-------- Exercise data --------

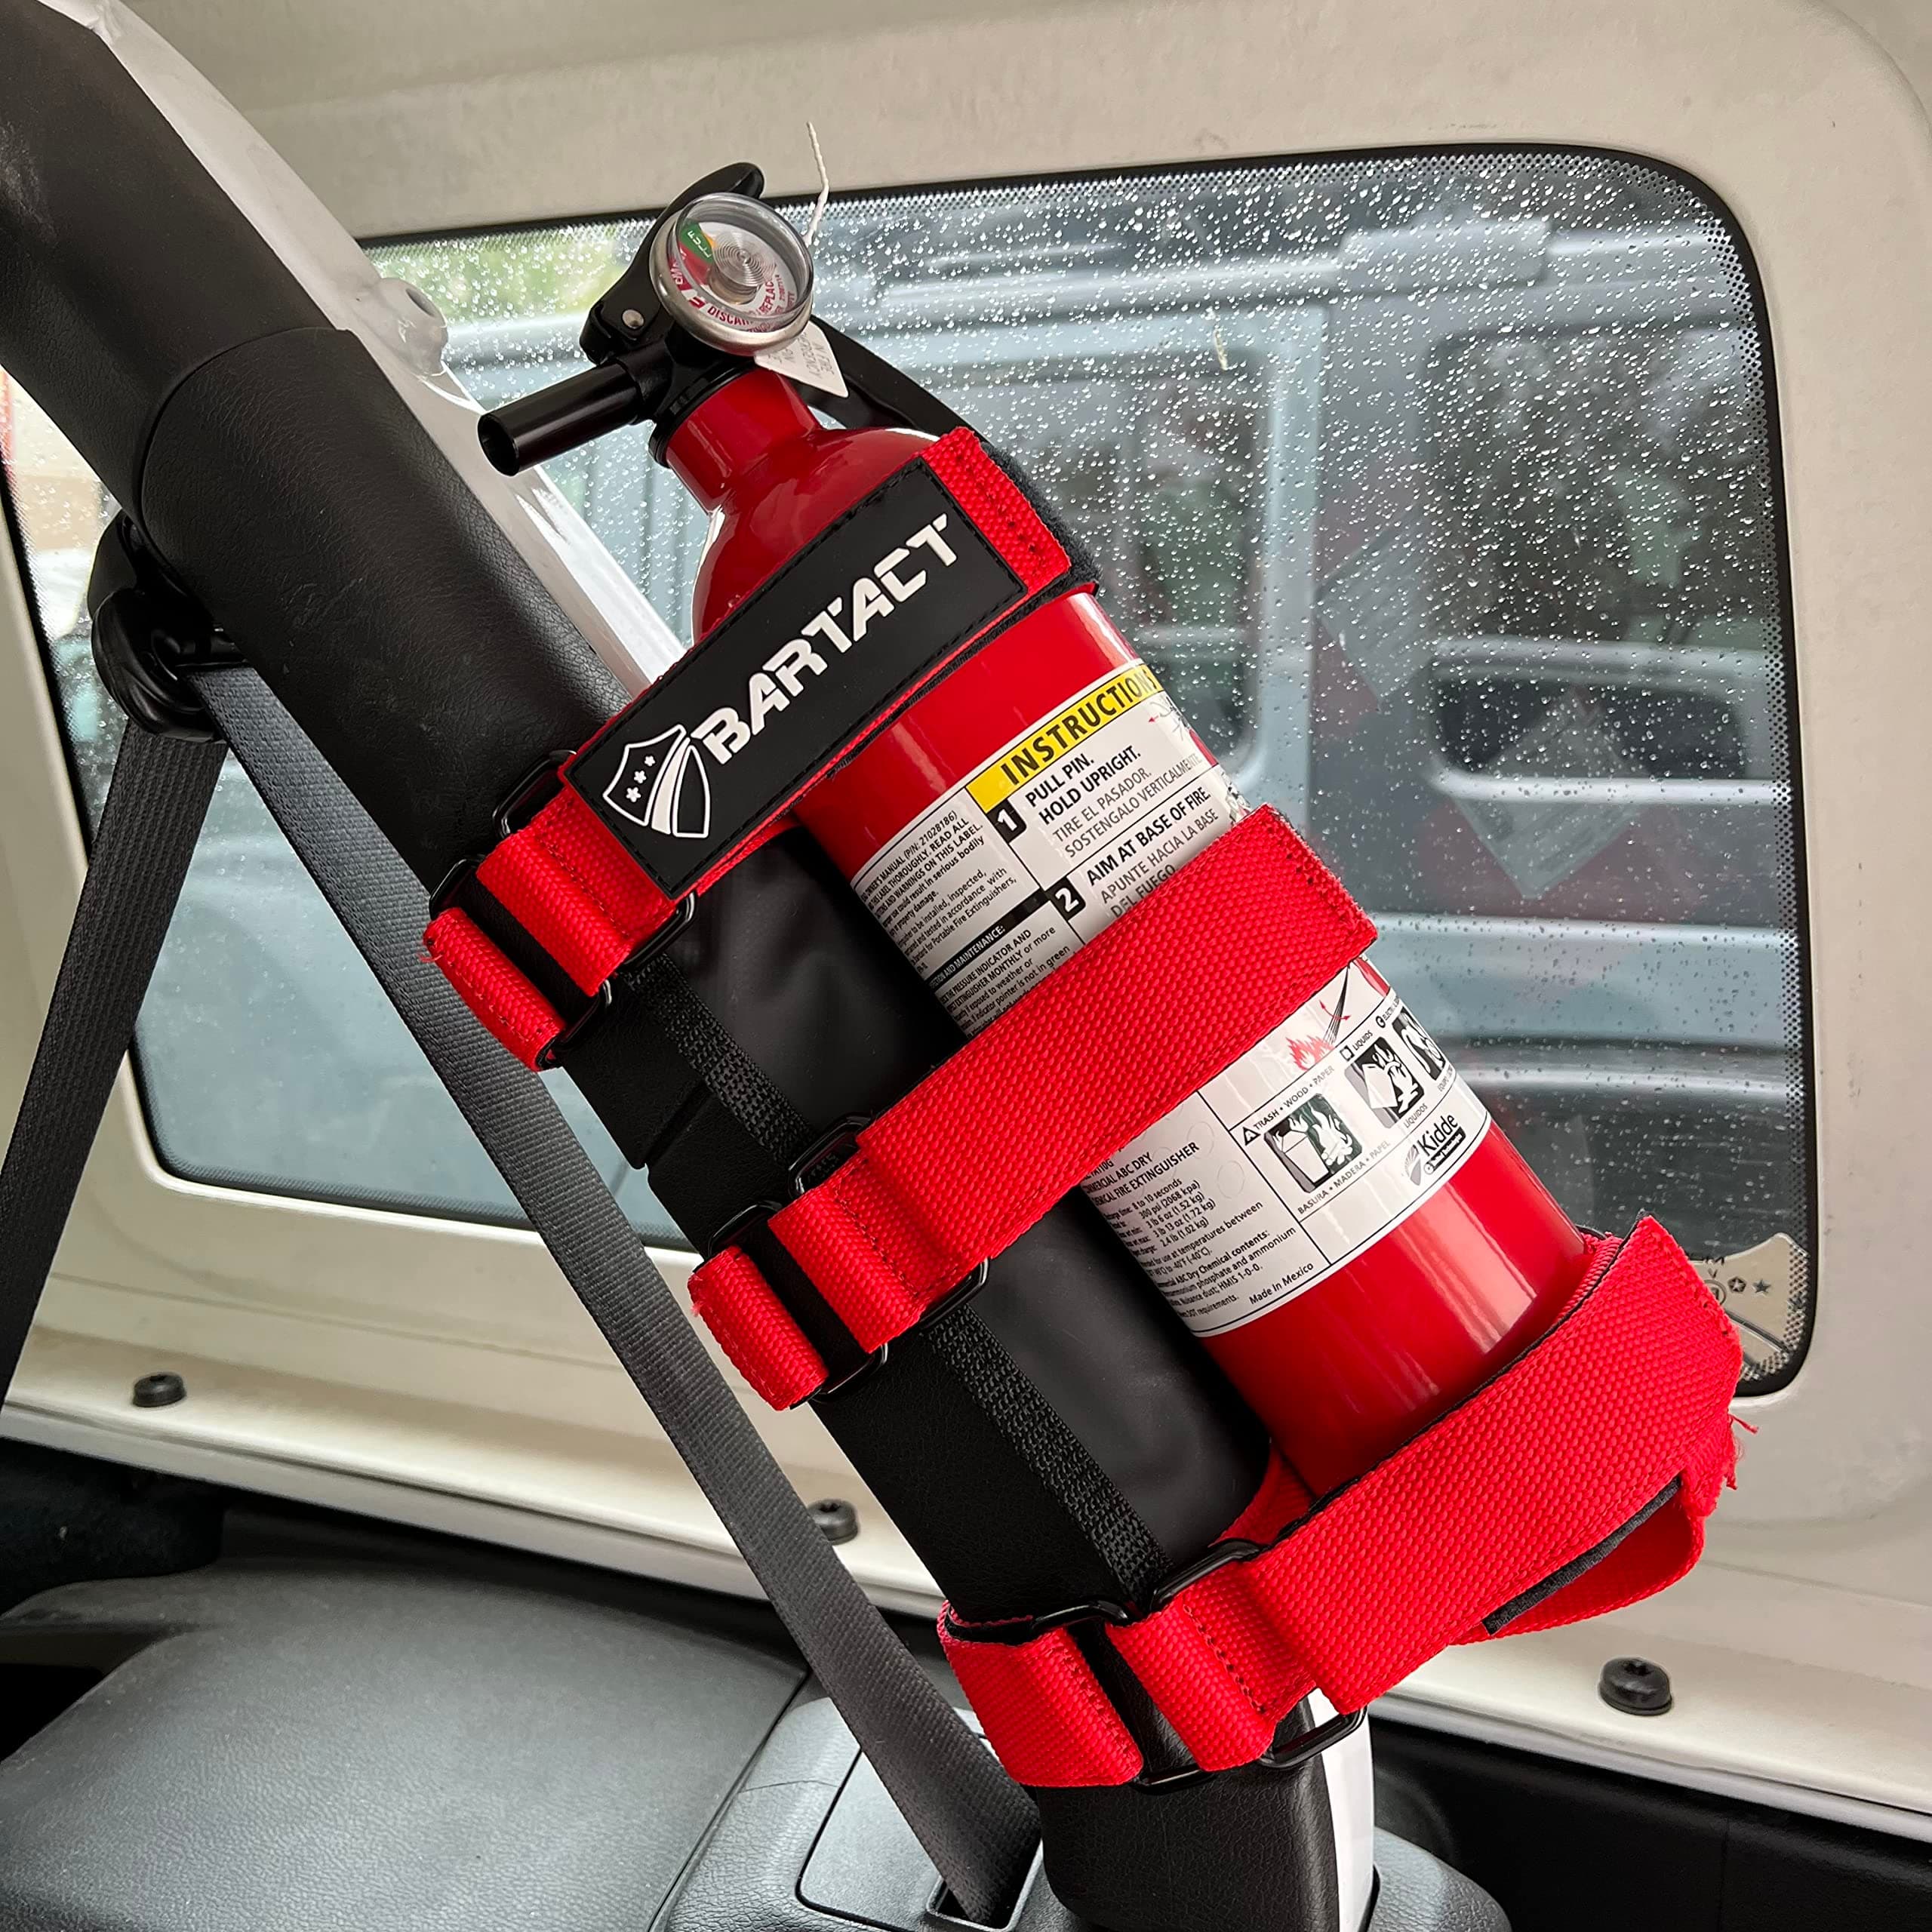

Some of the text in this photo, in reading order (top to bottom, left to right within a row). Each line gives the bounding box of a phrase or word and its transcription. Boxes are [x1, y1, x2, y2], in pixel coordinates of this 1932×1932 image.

[688, 230, 712, 258] FULL
[690, 513, 958, 765] BARTACT
[1000, 669, 1158, 786] INSTRUCTIONS
[1025, 753, 1094, 807] PULL PIN.
[1038, 746, 1141, 825] HOLD UPRIGHT.
[1053, 768, 1152, 841] TIRE EL PASADOR.
[879, 857, 906, 881] MANUAL
[919, 811, 957, 846] 21028186)
[998, 809, 1017, 831] 1
[1065, 797, 1140, 857] SOSTENGALO
[1087, 787, 1211, 886] AIM AT BASE OF FIRE.
[888, 849, 931, 888] THOROUGHLY.
[929, 831, 952, 852] READ
[952, 818, 969, 834] ALL
[894, 868, 925, 898] WARNINGS
[924, 858, 937, 872] ON
[935, 844, 954, 861] THIS
[952, 824, 983, 848] LABEL.
[909, 883, 927, 900] result
[924, 878, 934, 887] in
[933, 857, 959, 881] serious
[957, 836, 984, 859] bodily
[1101, 808, 1218, 904] APUNTE HACIA LA BASE
[913, 891, 939, 912] damage.
[921, 899, 950, 924] installed,
[947, 869, 986, 901] inspected,
[924, 919, 942, 937] tested
[939, 915, 949, 924] in
[946, 885, 986, 918] accordance
[986, 869, 1007, 885] with
[931, 925, 955, 946] Portable
[952, 915, 967, 928] Fire
[964, 878, 1017, 918] Extinguishers,
[1055, 888, 1079, 912] 2
[1110, 896, 1138, 918] DEL
[954, 926, 1005, 968] MAINTENANCE:
[975, 943, 1014, 976] INDICATOR
[1013, 930, 1031, 948] AND
[987, 949, 1023, 980] MONTHLY
[1023, 943, 1032, 953] or
[1033, 928, 1056, 946] more
[988, 987, 997, 995] to
[995, 965, 1023, 989] weather
[1024, 958, 1032, 968] or
[995, 984, 1018, 1006] pointer
[1017, 980, 1025, 988] is
[1023, 970, 1038, 983] not
[1036, 964, 1047, 973] in
[1046, 946, 1070, 968] green
[1254, 1109, 1279, 1130] TRASH
[1283, 1087, 1309, 1107] WOOD
[1312, 1066, 1334, 1085] PAPER
[1417, 1115, 1458, 1156] Kidde
[1113, 1183, 1132, 1198] FIRE
[1128, 1142, 1199, 1190] EXTINGUISHER
[1115, 1164, 1134, 1180] ABC
[1131, 1152, 1152, 1171] DRY
[1144, 1194, 1154, 1203] 10
[1153, 1179, 1182, 1199] seconds
[1297, 1140, 1390, 1214] BASURA MADERA PAPEL
[1139, 1180, 1200, 1219] 300 psi (2068 kpa)
[1158, 1214, 1164, 1223] 6
[1164, 1211, 1174, 1220] oz
[1171, 1200, 1191, 1216] (1.52
[1189, 1191, 1204, 1204] kg)
[1164, 1223, 1174, 1231] 13
[1174, 1219, 1184, 1227] oz
[1182, 1207, 1202, 1223] (1.72
[1200, 1198, 1216, 1211] kg)
[1169, 1234, 1179, 1242] lb
[1177, 1224, 1196, 1239] (1.02
[1194, 1216, 1209, 1229] kg)
[1177, 1226, 1226, 1255] temperatures
[1223, 1202, 1263, 1229] between
[1186, 1270, 1200, 1279] Dry
[1198, 1251, 1232, 1274] Chemical
[1232, 1231, 1267, 1257] contents:
[1196, 1267, 1232, 1290] phosphate
[1232, 1256, 1248, 1270] and
[1248, 1228, 1296, 1261] ammonium
[1238, 1263, 1263, 1279] 1-0-0.
[1249, 1289, 1272, 1304] Made
[1281, 1263, 1313, 1286] Mexico

--------

Task to complete
Write out the records once more, word for word, though without the pictures they contain.

Answer below
Some of the text in this photo, in reading order (top to bottom, left to right within a row). Each line gives the bounding box of a phrase or word and its transcription. Boxes are [x1, y1, x2, y2], in pixel coordinates of this 1932×1932 image.

[688, 230, 712, 258] FULL
[690, 513, 958, 765] BARTACT
[1000, 669, 1158, 786] INSTRUCTIONS
[1025, 753, 1094, 807] PULL PIN.
[1038, 746, 1141, 825] HOLD UPRIGHT.
[1053, 768, 1152, 841] TIRE EL PASADOR.
[879, 857, 906, 881] MANUAL
[919, 811, 957, 846] 21028186)
[998, 809, 1017, 831] 1
[1065, 797, 1140, 857] SOSTENGALO
[1087, 787, 1211, 886] AIM AT BASE OF FIRE.
[888, 849, 931, 888] THOROUGHLY.
[929, 831, 952, 852] READ
[952, 818, 969, 834] ALL
[894, 868, 925, 898] WARNINGS
[924, 858, 937, 872] ON
[935, 844, 954, 861] THIS
[952, 824, 983, 848] LABEL.
[909, 883, 927, 900] result
[924, 878, 934, 887] in
[933, 857, 959, 881] serious
[957, 836, 984, 859] bodily
[1101, 808, 1218, 904] APUNTE HACIA LA BASE
[913, 891, 939, 912] damage.
[921, 899, 950, 924] installed,
[947, 869, 986, 901] inspected,
[924, 919, 942, 937] tested
[939, 915, 949, 924] in
[946, 885, 986, 918] accordance
[986, 869, 1007, 885] with
[931, 925, 955, 946] Portable
[952, 915, 967, 928] Fire
[964, 878, 1017, 918] Extinguishers,
[1055, 888, 1079, 912] 2
[1110, 896, 1138, 918] DEL
[954, 926, 1005, 968] MAINTENANCE:
[975, 943, 1014, 976] INDICATOR
[1013, 930, 1031, 948] AND
[987, 949, 1023, 980] MONTHLY
[1023, 943, 1032, 953] or
[1033, 928, 1056, 946] more
[988, 987, 997, 995] to
[995, 965, 1023, 989] weather
[1024, 958, 1032, 968] or
[995, 984, 1018, 1006] pointer
[1017, 980, 1025, 988] is
[1023, 970, 1038, 983] not
[1036, 964, 1047, 973] in
[1046, 946, 1070, 968] green
[1254, 1109, 1279, 1130] TRASH
[1283, 1087, 1309, 1107] WOOD
[1312, 1066, 1334, 1085] PAPER
[1417, 1115, 1458, 1156] Kidde
[1113, 1183, 1132, 1198] FIRE
[1128, 1142, 1199, 1190] EXTINGUISHER
[1115, 1164, 1134, 1180] ABC
[1131, 1152, 1152, 1171] DRY
[1144, 1194, 1154, 1203] 10
[1153, 1179, 1182, 1199] seconds
[1297, 1140, 1390, 1214] BASURA MADERA PAPEL
[1139, 1180, 1200, 1219] 300 psi (2068 kpa)
[1158, 1214, 1164, 1223] 6
[1164, 1211, 1174, 1220] oz
[1171, 1200, 1191, 1216] (1.52
[1189, 1191, 1204, 1204] kg)
[1164, 1223, 1174, 1231] 13
[1174, 1219, 1184, 1227] oz
[1182, 1207, 1202, 1223] (1.72
[1200, 1198, 1216, 1211] kg)
[1169, 1234, 1179, 1242] lb
[1177, 1224, 1196, 1239] (1.02
[1194, 1216, 1209, 1229] kg)
[1177, 1226, 1226, 1255] temperatures
[1223, 1202, 1263, 1229] between
[1186, 1270, 1200, 1279] Dry
[1198, 1251, 1232, 1274] Chemical
[1232, 1231, 1267, 1257] contents:
[1196, 1267, 1232, 1290] phosphate
[1232, 1256, 1248, 1270] and
[1248, 1228, 1296, 1261] ammonium
[1238, 1263, 1263, 1279] 1-0-0.
[1249, 1289, 1272, 1304] Made
[1281, 1263, 1313, 1286] Mexico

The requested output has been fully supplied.